## Exercise objective
All of the data below is to be repeated exactly, except for the pictures.

[Materials provided Boundary: Start]

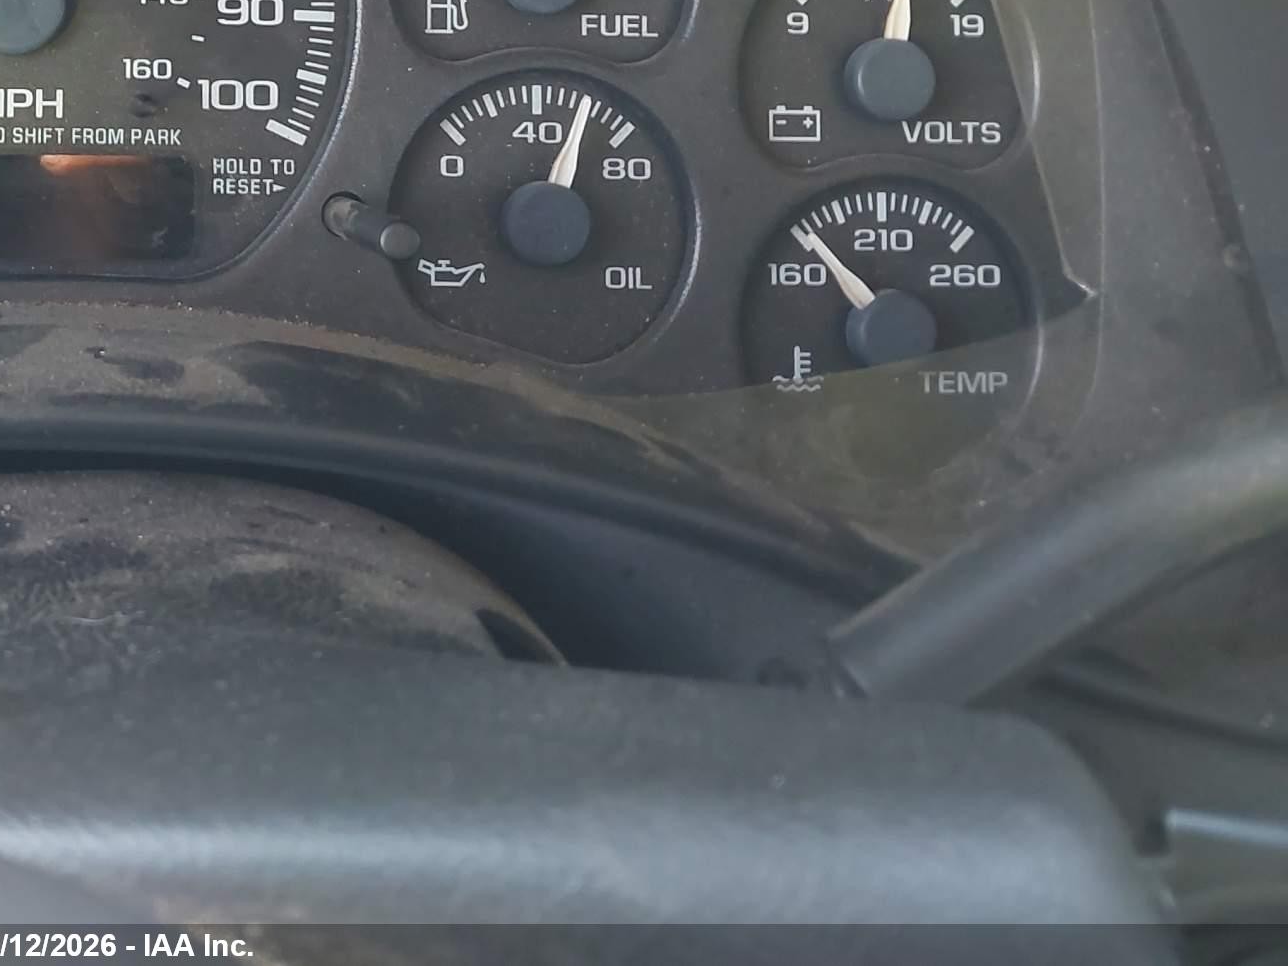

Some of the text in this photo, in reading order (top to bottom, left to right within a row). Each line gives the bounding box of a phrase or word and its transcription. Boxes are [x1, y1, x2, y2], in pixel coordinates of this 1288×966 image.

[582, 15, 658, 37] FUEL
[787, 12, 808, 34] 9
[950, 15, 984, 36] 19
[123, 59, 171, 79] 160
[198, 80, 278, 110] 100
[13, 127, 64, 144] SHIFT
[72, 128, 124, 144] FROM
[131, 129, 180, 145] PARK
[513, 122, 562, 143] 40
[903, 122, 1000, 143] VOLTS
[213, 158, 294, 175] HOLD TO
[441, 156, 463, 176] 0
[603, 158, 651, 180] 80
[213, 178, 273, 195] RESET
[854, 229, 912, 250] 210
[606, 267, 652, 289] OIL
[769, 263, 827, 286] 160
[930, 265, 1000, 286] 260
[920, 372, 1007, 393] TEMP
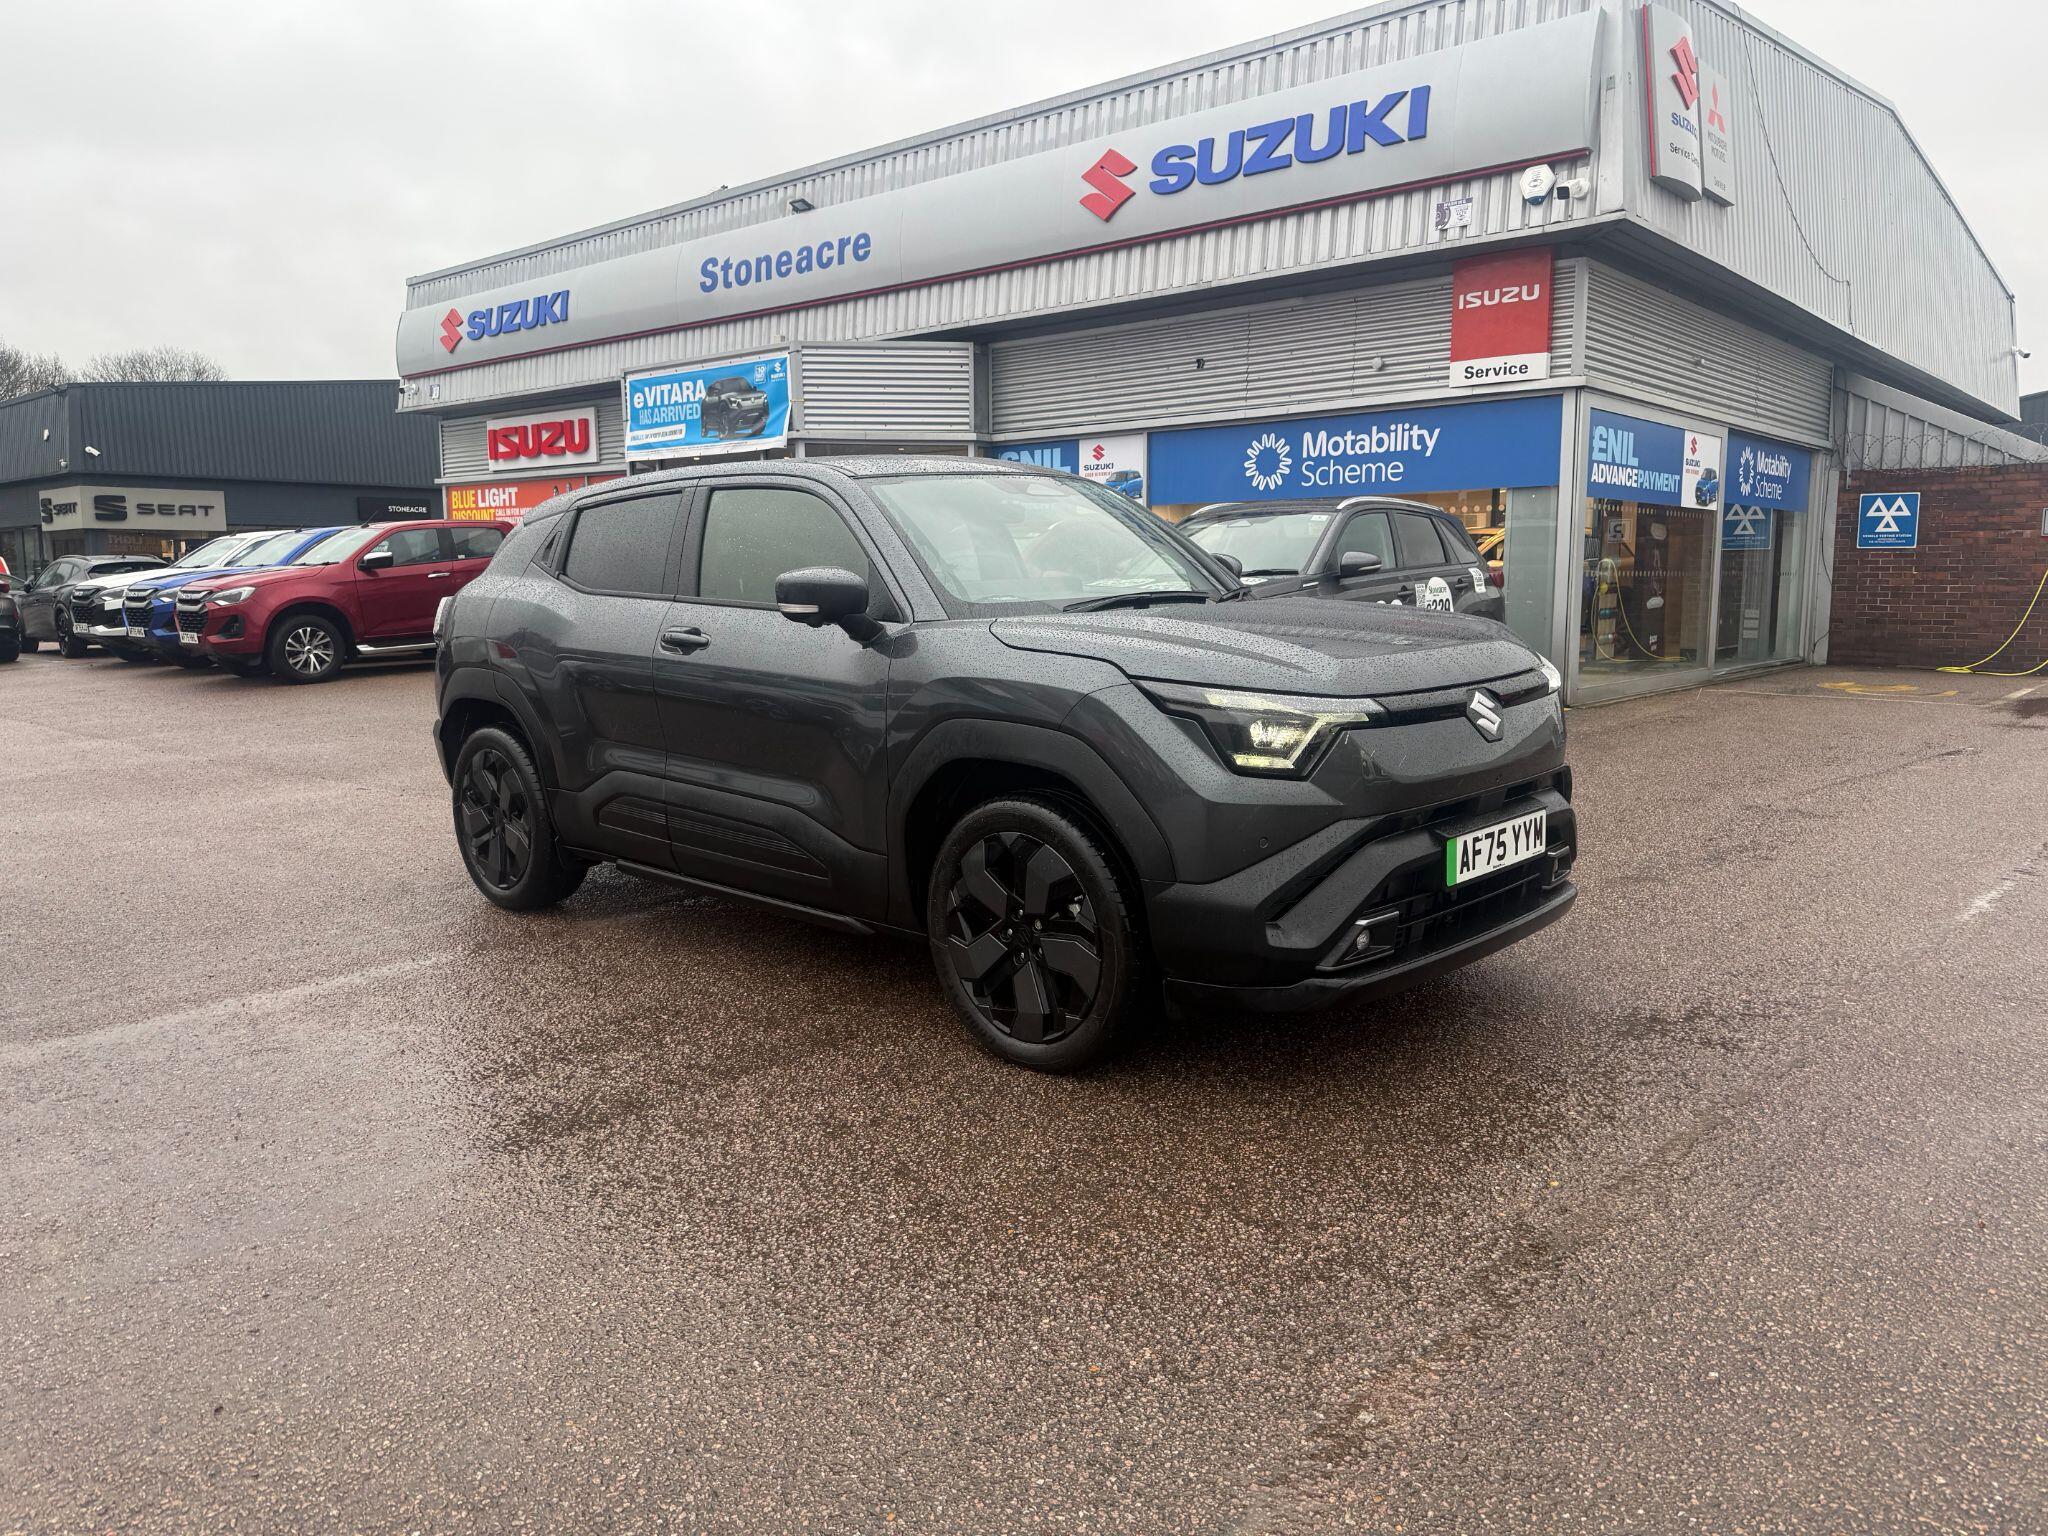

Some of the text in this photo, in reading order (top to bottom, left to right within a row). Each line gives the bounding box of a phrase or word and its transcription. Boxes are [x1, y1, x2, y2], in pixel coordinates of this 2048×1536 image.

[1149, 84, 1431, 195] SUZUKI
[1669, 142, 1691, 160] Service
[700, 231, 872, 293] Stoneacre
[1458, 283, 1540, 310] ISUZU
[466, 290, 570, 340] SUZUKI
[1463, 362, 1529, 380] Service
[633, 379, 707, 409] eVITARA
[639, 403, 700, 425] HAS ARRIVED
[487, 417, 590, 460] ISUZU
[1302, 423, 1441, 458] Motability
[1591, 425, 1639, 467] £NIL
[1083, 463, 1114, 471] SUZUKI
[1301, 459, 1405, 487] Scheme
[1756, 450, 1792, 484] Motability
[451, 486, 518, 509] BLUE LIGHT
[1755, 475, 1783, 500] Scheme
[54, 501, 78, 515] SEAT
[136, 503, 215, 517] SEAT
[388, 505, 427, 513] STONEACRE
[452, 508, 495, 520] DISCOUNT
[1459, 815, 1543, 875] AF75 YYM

[Materials provided Boundary: End]

## Solved problem
Some of the text in this photo, in reading order (top to bottom, left to right within a row). Each line gives the bounding box of a phrase or word and its transcription. Boxes are [x1, y1, x2, y2], in pixel coordinates of this 1288×966 image.

[582, 15, 658, 37] FUEL
[787, 12, 808, 34] 9
[950, 15, 984, 36] 19
[123, 59, 171, 79] 160
[198, 80, 278, 110] 100
[13, 127, 64, 144] SHIFT
[72, 128, 124, 144] FROM
[131, 129, 180, 145] PARK
[513, 122, 562, 143] 40
[903, 122, 1000, 143] VOLTS
[213, 158, 294, 175] HOLD TO
[441, 156, 463, 176] 0
[603, 158, 651, 180] 80
[213, 178, 273, 195] RESET
[854, 229, 912, 250] 210
[606, 267, 652, 289] OIL
[769, 263, 827, 286] 160
[930, 265, 1000, 286] 260
[920, 372, 1007, 393] TEMP

Some of the text in this photo, in reading order (top to bottom, left to right within a row). Each line gives the bounding box of a phrase or word and its transcription. Boxes are [x1, y1, x2, y2], in pixel coordinates of this 2048×1536 image.

[1149, 84, 1431, 195] SUZUKI
[1669, 142, 1691, 160] Service
[700, 231, 872, 293] Stoneacre
[1458, 283, 1540, 310] ISUZU
[466, 290, 570, 340] SUZUKI
[1463, 362, 1529, 380] Service
[633, 379, 707, 409] eVITARA
[639, 403, 700, 425] HAS ARRIVED
[487, 417, 590, 460] ISUZU
[1302, 423, 1441, 458] Motability
[1591, 425, 1639, 467] £NIL
[1083, 463, 1114, 471] SUZUKI
[1301, 459, 1405, 487] Scheme
[1756, 450, 1792, 484] Motability
[451, 486, 518, 509] BLUE LIGHT
[1755, 475, 1783, 500] Scheme
[54, 501, 78, 515] SEAT
[136, 503, 215, 517] SEAT
[388, 505, 427, 513] STONEACRE
[452, 508, 495, 520] DISCOUNT
[1459, 815, 1543, 875] AF75 YYM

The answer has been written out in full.